Aida Edemariam on Michael Frayn, his new play and theatrical performance, in The Guardian:
Michael Frayn’s new play, Afterlife, like Democracy and Copenhagen, takes a real historical incident as its starting point. Like Copenhagen it cycles deftly through the years, each cycle getting at something new, some different layer of meaning, like simultaneously spinning plates. As in Noises Off, there is a play within a play; like many of his plays, it is acutely aware of its theatricality.

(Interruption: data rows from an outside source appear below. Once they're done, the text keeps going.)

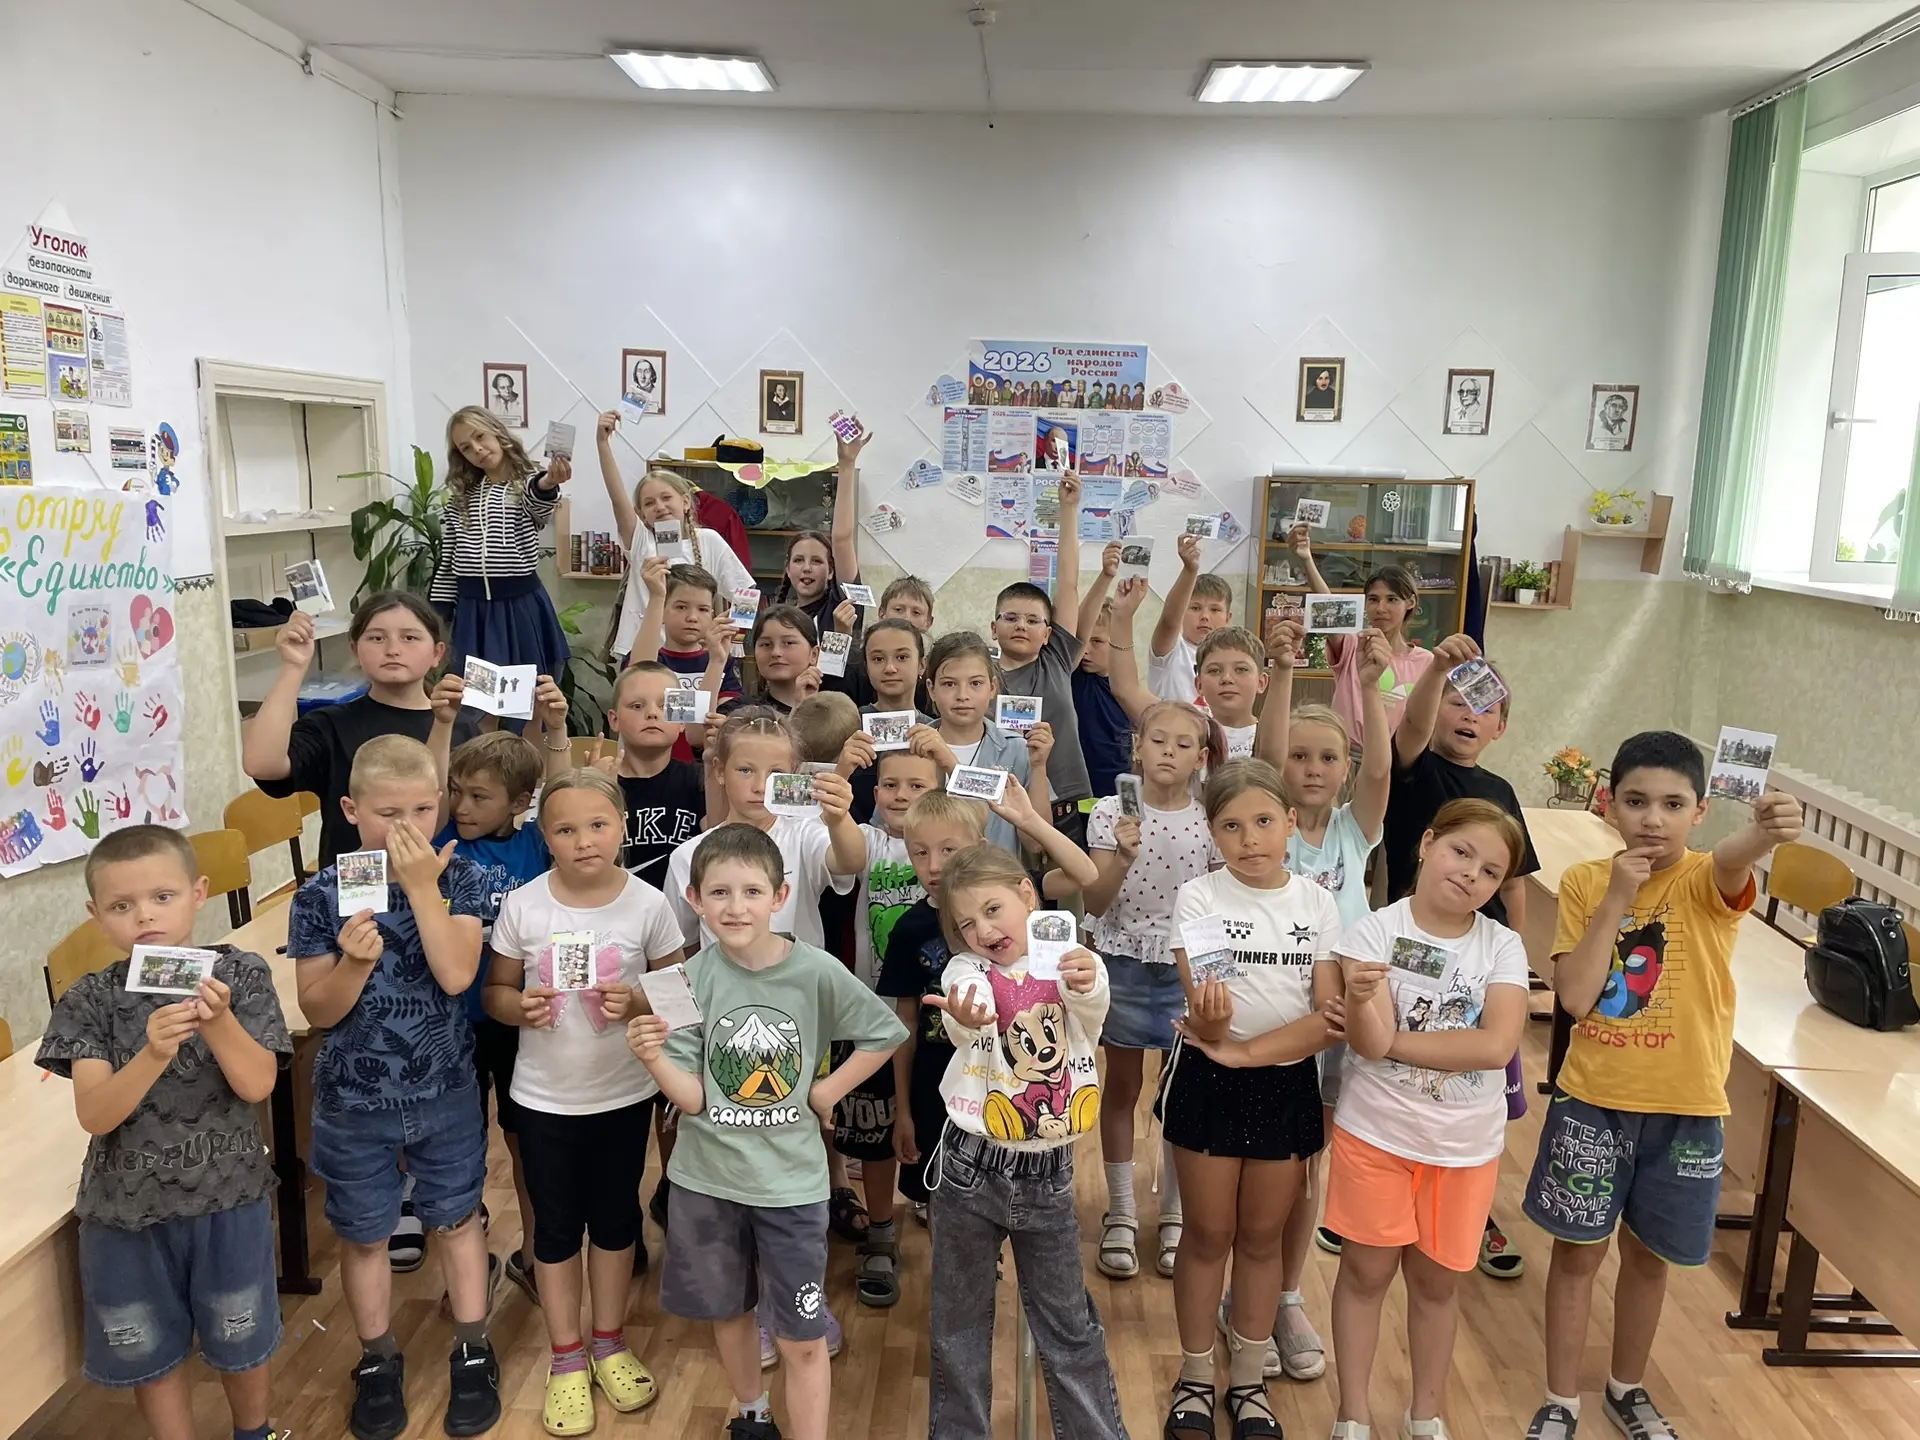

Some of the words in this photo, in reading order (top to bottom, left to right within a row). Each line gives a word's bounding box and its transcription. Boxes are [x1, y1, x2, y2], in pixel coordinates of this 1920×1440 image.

[31, 225, 88, 259] Уголок
[28, 255, 92, 280] безопасности
[7, 271, 60, 294] дорожного
[68, 284, 112, 304] движения
[984, 350, 1051, 372] 2026
[1052, 346, 1073, 356] Год
[1076, 348, 1139, 358] единства
[1067, 358, 1123, 368] народов
[1071, 367, 1118, 377] России
[1035, 479, 1061, 487] РОСС
[16, 493, 124, 564] отряд
[620, 807, 697, 848] KE
[1281, 952, 1313, 966] VIBES
[1538, 1190, 1607, 1226] STYLE
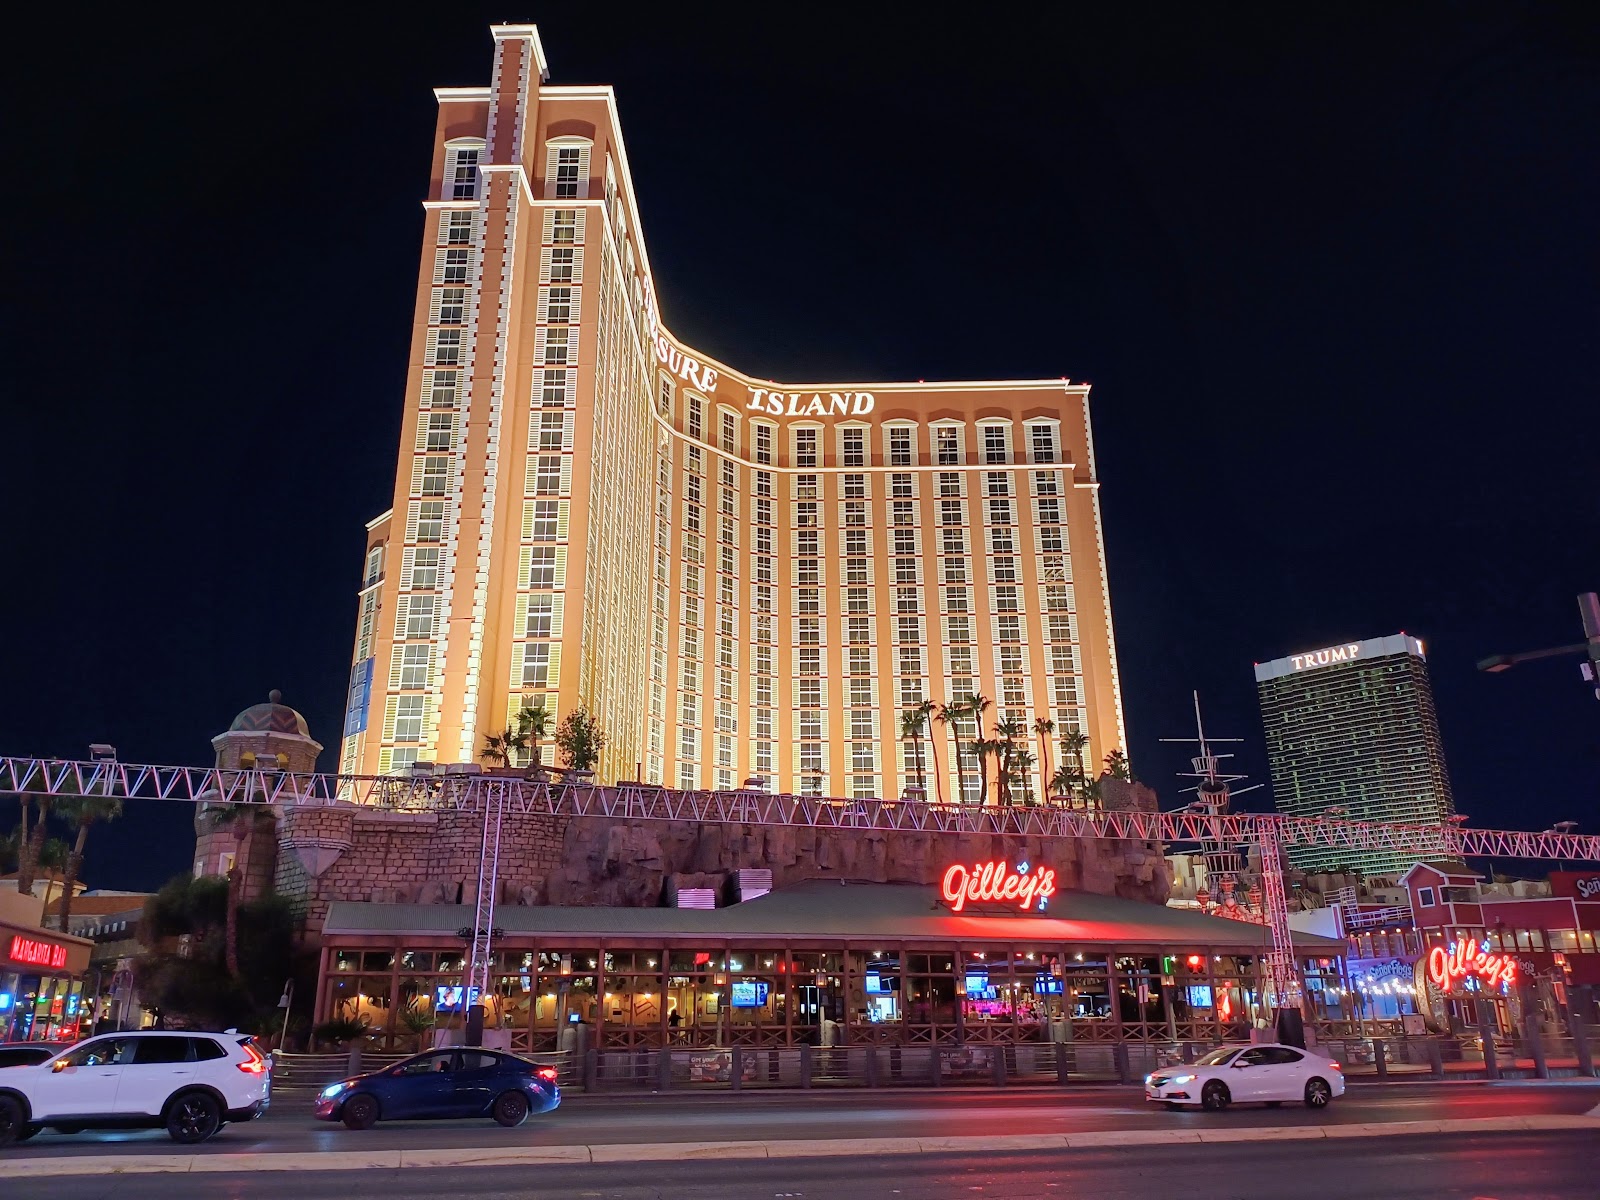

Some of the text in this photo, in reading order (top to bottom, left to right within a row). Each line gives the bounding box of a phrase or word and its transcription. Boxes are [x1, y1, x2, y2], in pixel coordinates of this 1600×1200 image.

[746, 386, 875, 416] ISLAND
[1291, 644, 1359, 670] TRUMP
[943, 861, 1055, 911] Gilley's
[1430, 938, 1516, 990] Gilley's
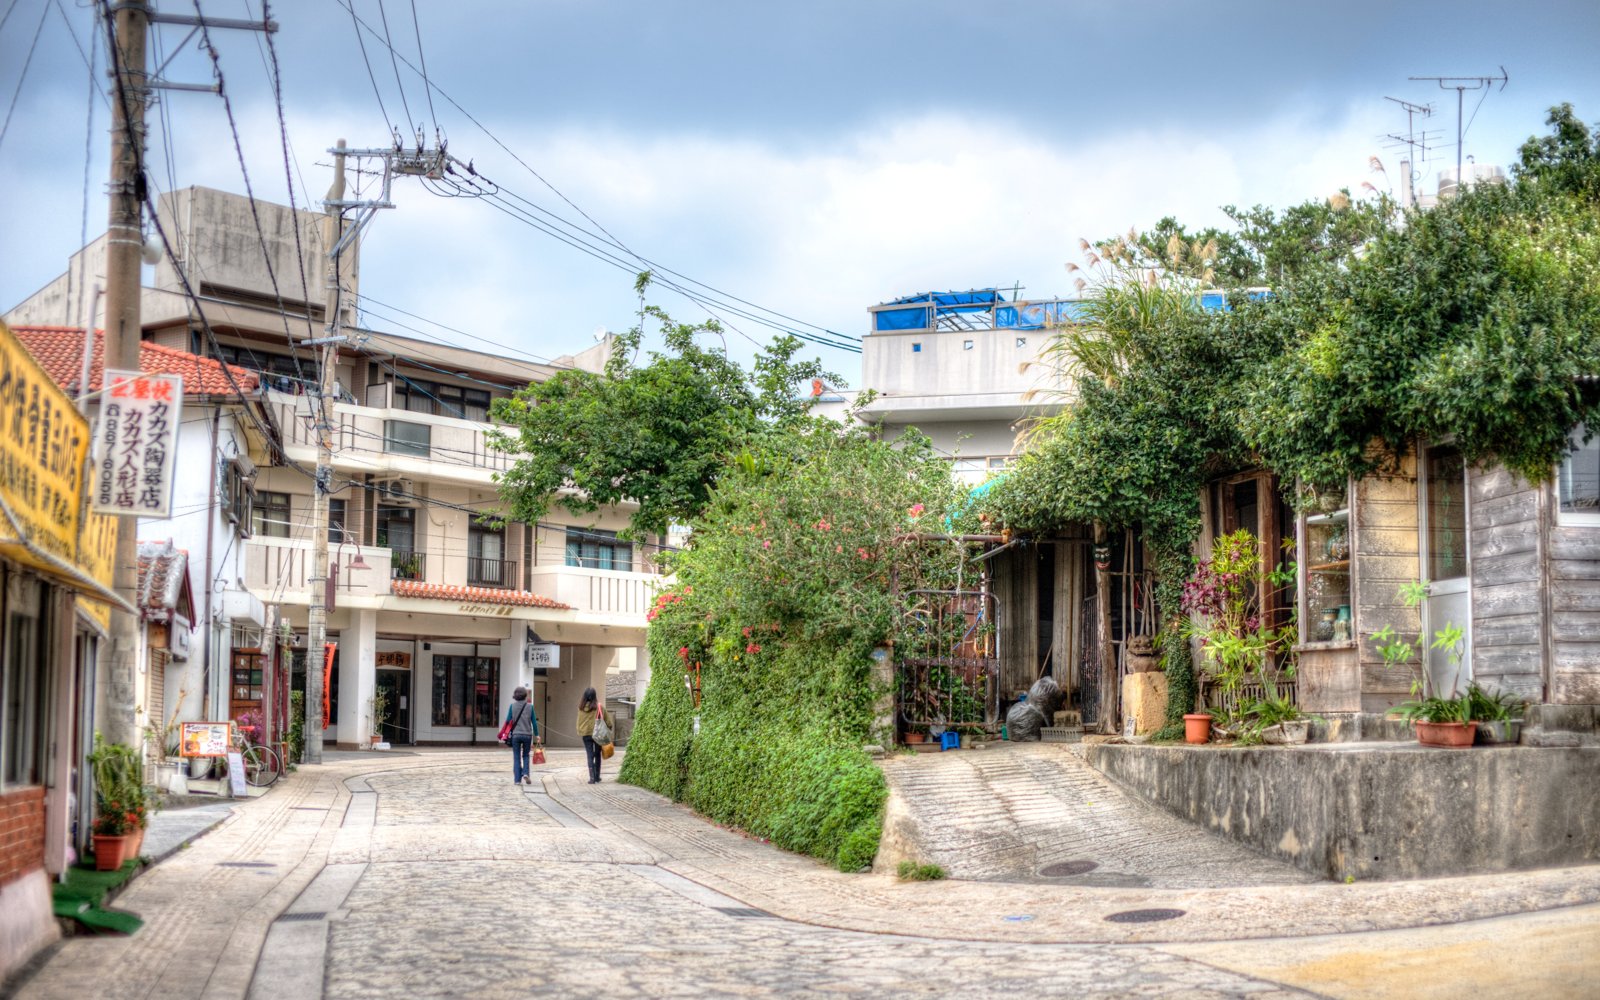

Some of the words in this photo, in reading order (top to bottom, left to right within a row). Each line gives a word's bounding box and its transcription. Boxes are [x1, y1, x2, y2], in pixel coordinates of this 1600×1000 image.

[113, 408, 143, 508] カカズ人形店
[138, 401, 169, 509] カカズ陶器店

“It seems to me that the theatre’s just a very clear example of what we all do all the time in life – we’re both performing and being the audience,” says Frayn, long limbs folding into the corner of a sofa in the home he shares with his wife, biographer Claire Tomalin, in Petersham, south-west London. He has a monumental head, and a deep quiet rumble of a voice, often directed inward. “Even as we sit here I am being the audience when you ask a question. When I reply, I take over the performance, and you’re the audience. The theatre’s only an extension of that.”
Most dramatists, he writes in Stage Directions, a new collection of his writing on the theatre, “start young, when they are full of passion and certainty; and often, by the age of 36, which I was when my first play was produced, have already got it out of their system, and sunk exhausted into obscurity, celebrity, or drink.”